[Collected data]

************

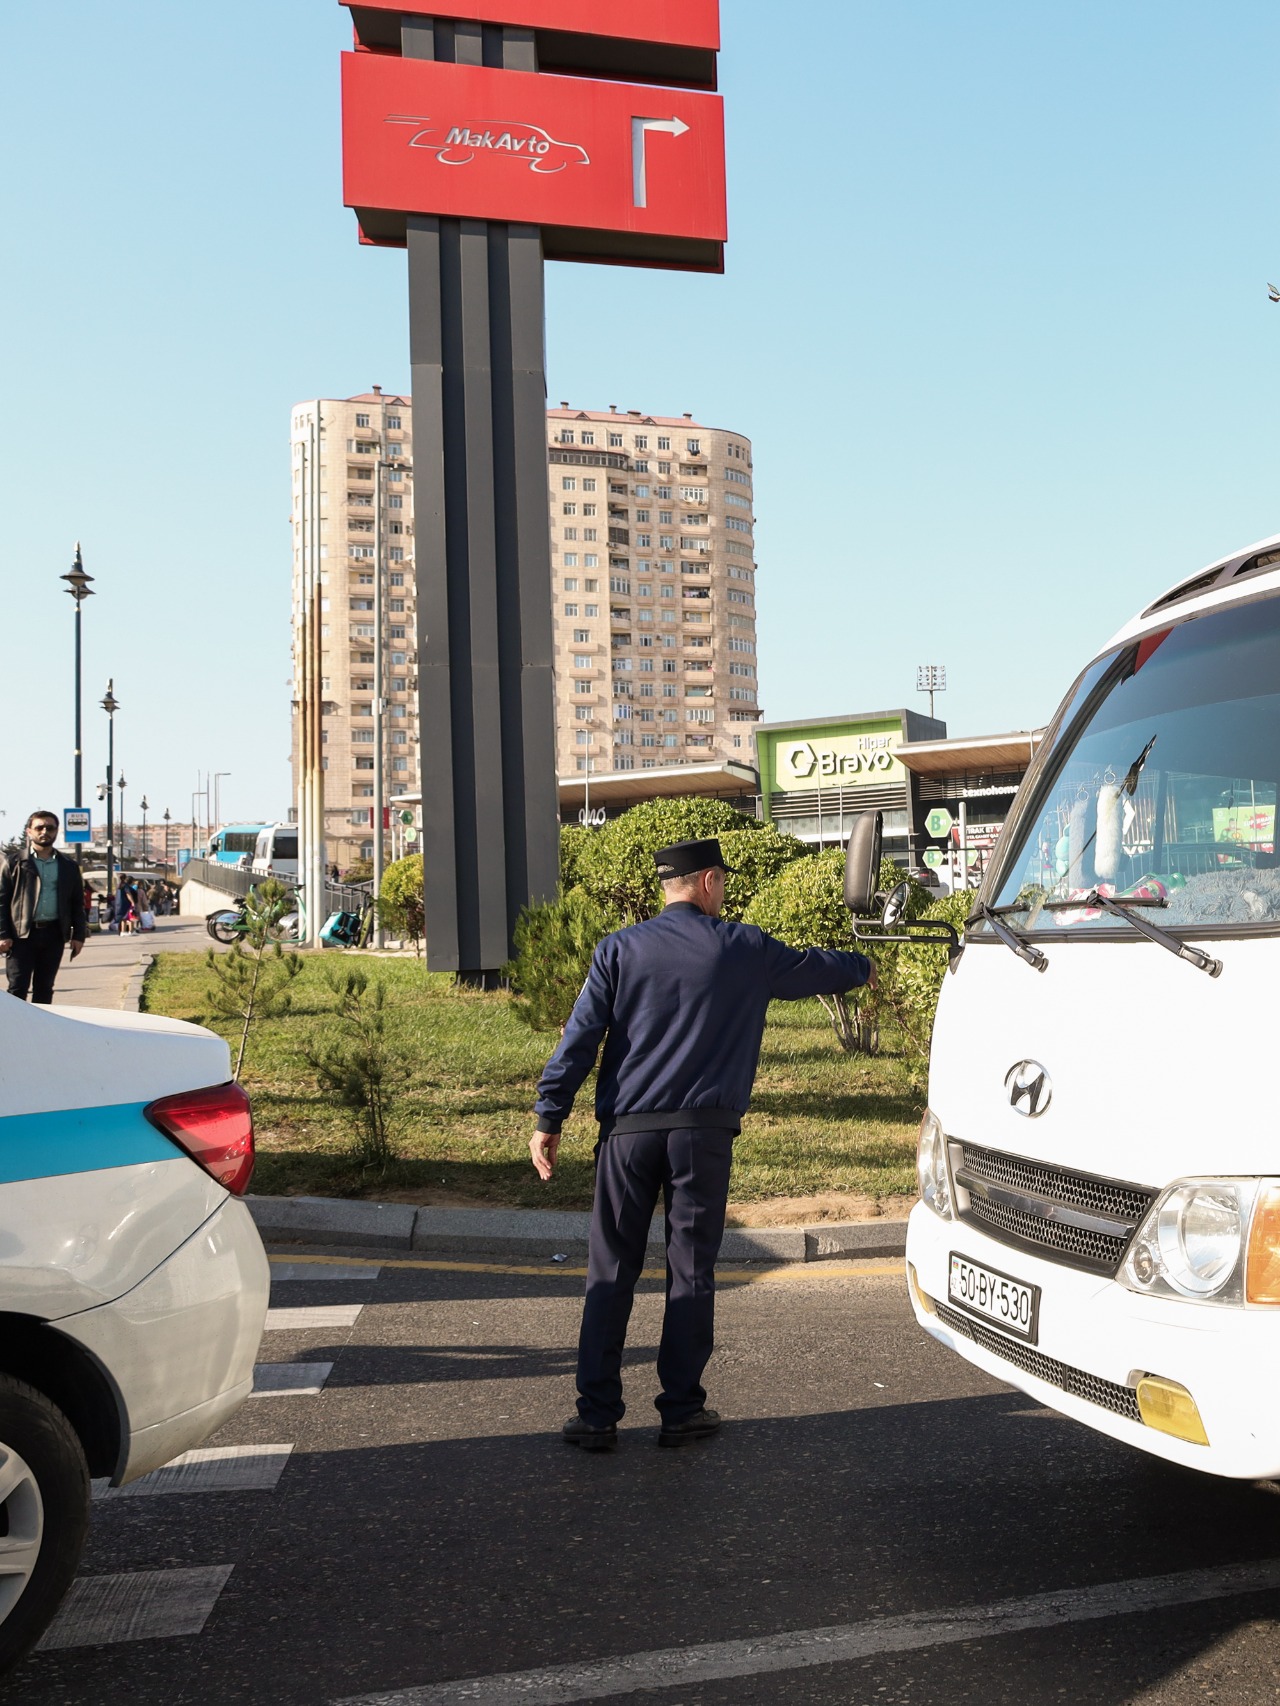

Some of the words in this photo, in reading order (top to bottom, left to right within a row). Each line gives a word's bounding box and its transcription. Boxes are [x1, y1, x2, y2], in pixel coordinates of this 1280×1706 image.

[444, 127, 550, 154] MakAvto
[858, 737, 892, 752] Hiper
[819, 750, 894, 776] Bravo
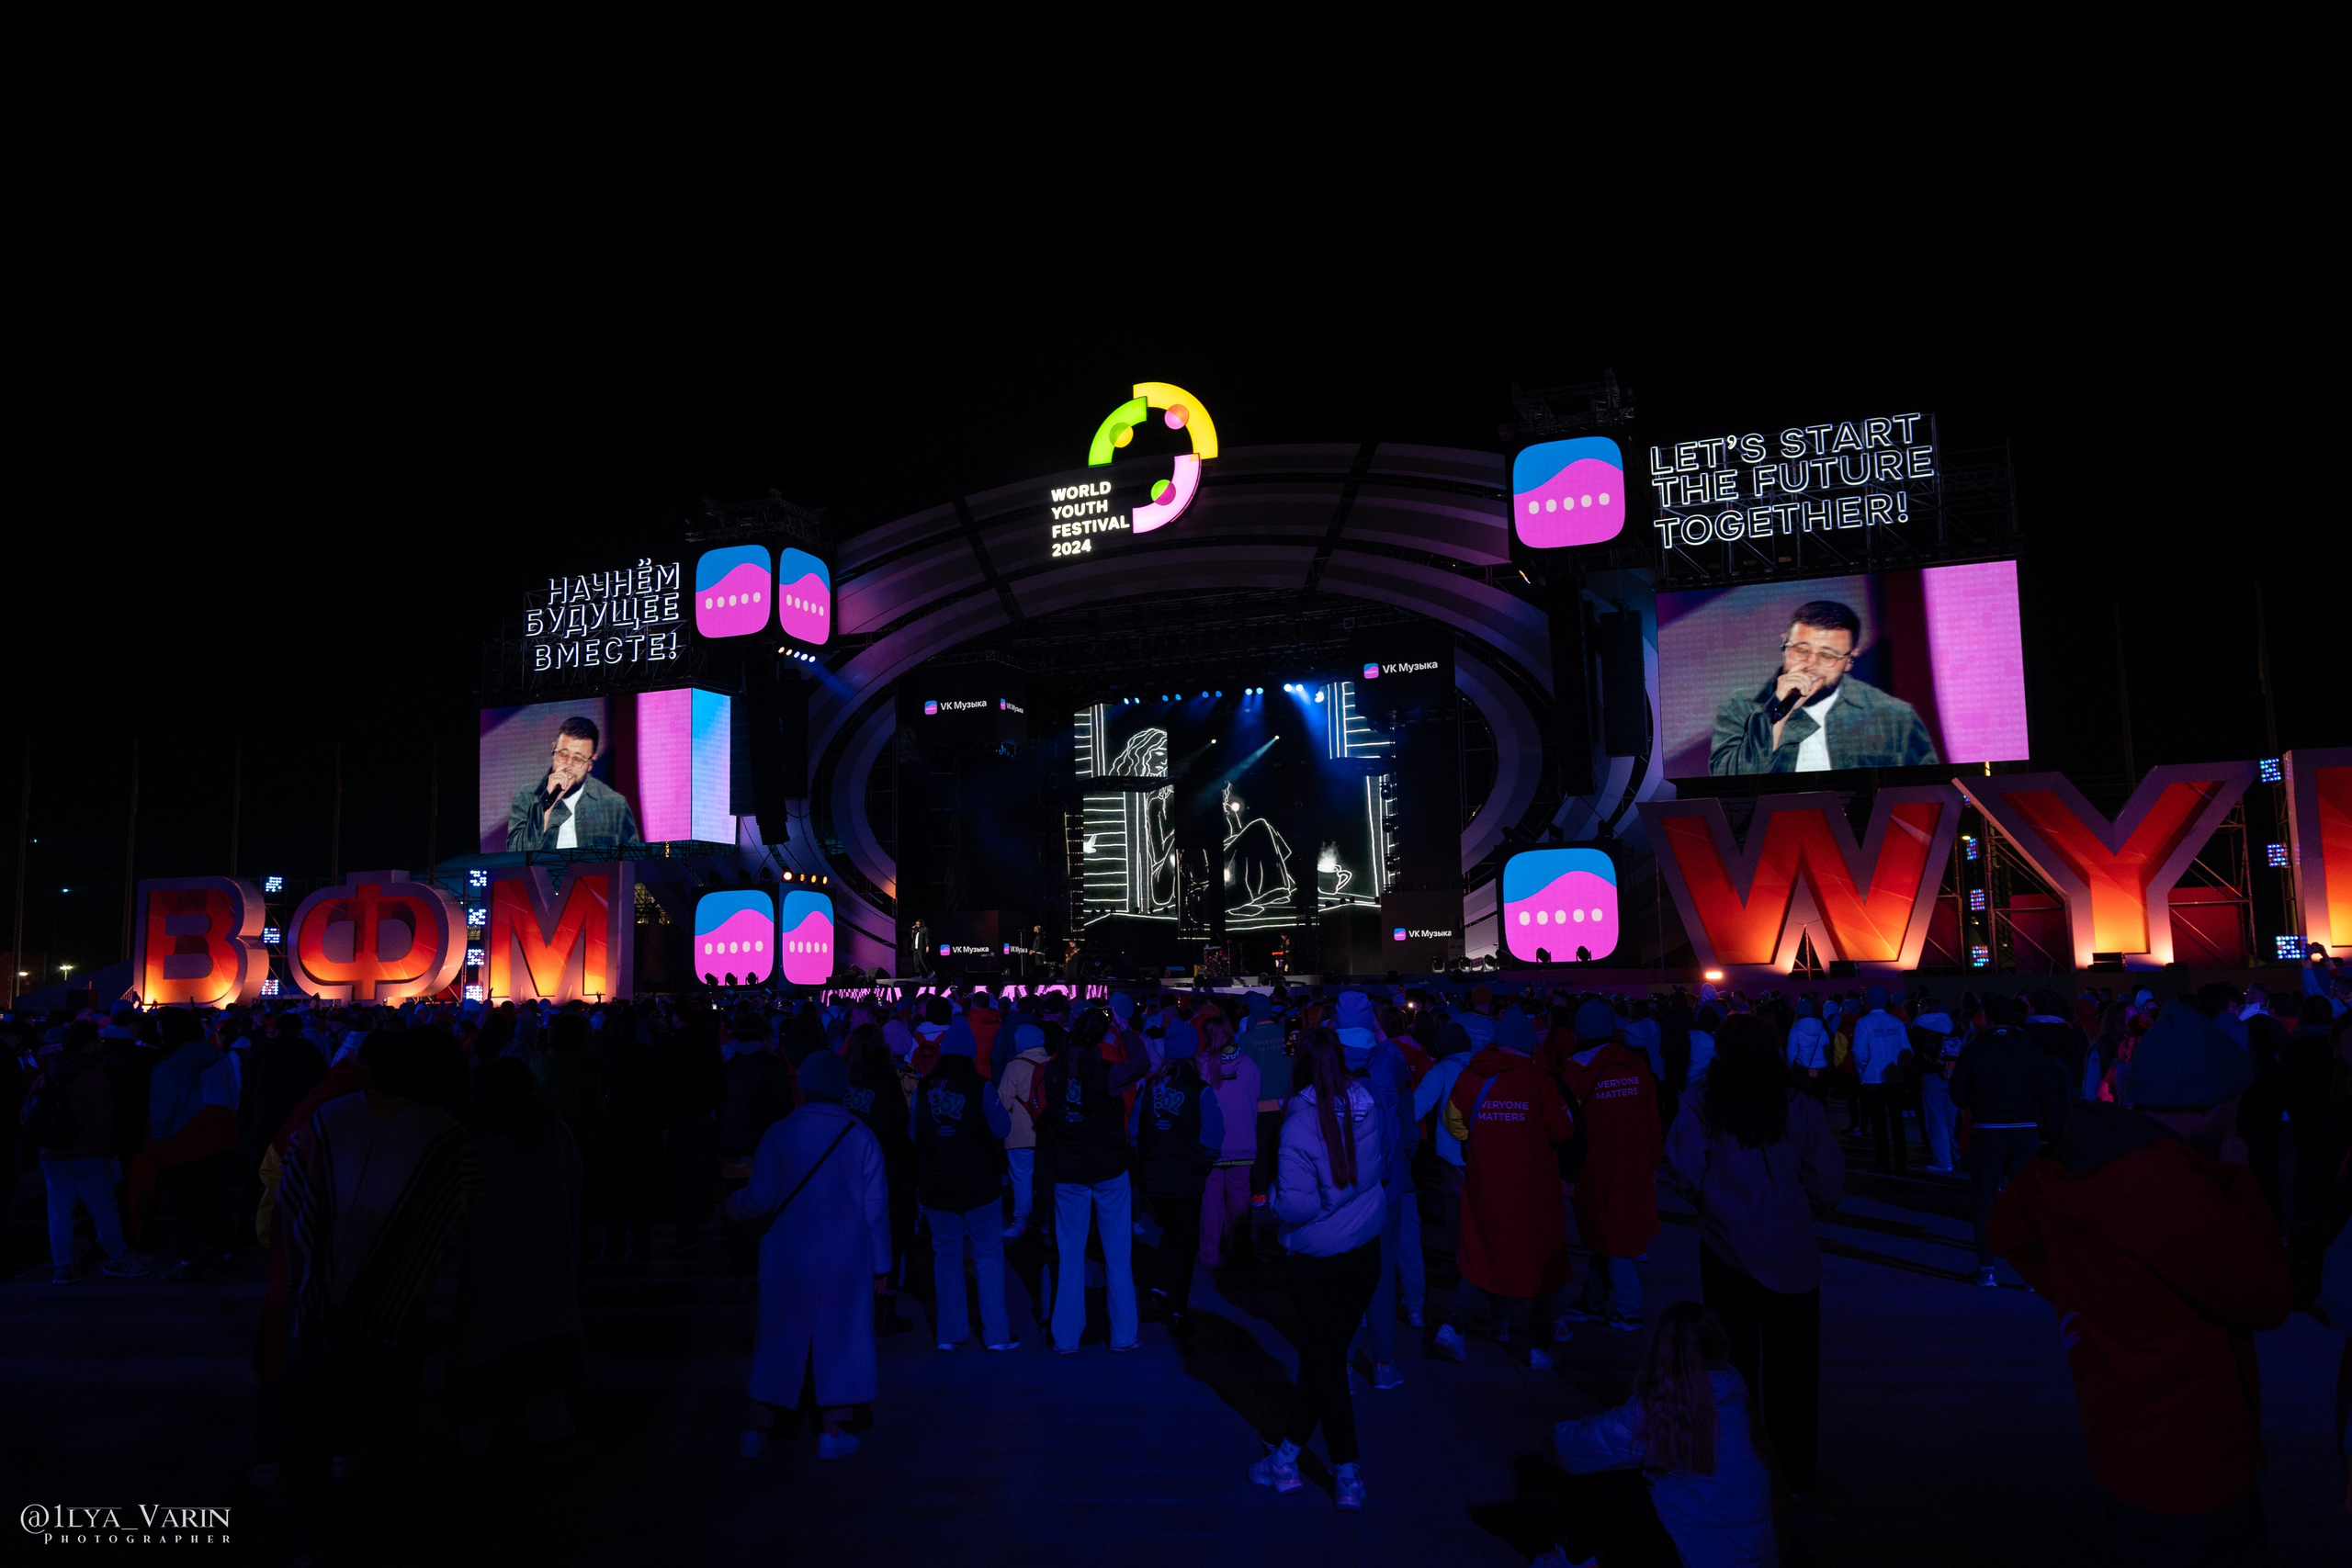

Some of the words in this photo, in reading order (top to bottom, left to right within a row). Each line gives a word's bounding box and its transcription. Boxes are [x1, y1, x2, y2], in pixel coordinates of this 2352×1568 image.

************

→ **What you are asked to do**
Every entry above should come back exactly as written, except for its pictures.

→ **Expected answer**
Some of the words in this photo, in reading order (top to bottom, left to right within a row). Each line gives a word's bounding box and its transcription. Boxes are [x1, y1, x2, y2], in pixel coordinates of this 1280×1706 image.

[444, 127, 550, 154] MakAvto
[858, 737, 892, 752] Hiper
[819, 750, 894, 776] Bravo

Some of the words in this photo, in reading order (top to bottom, left to right within a row). Each line gives a word's bounding box and its transcription. Boxes are [x1, y1, x2, y2], in pixel coordinates of this 2352×1568 image.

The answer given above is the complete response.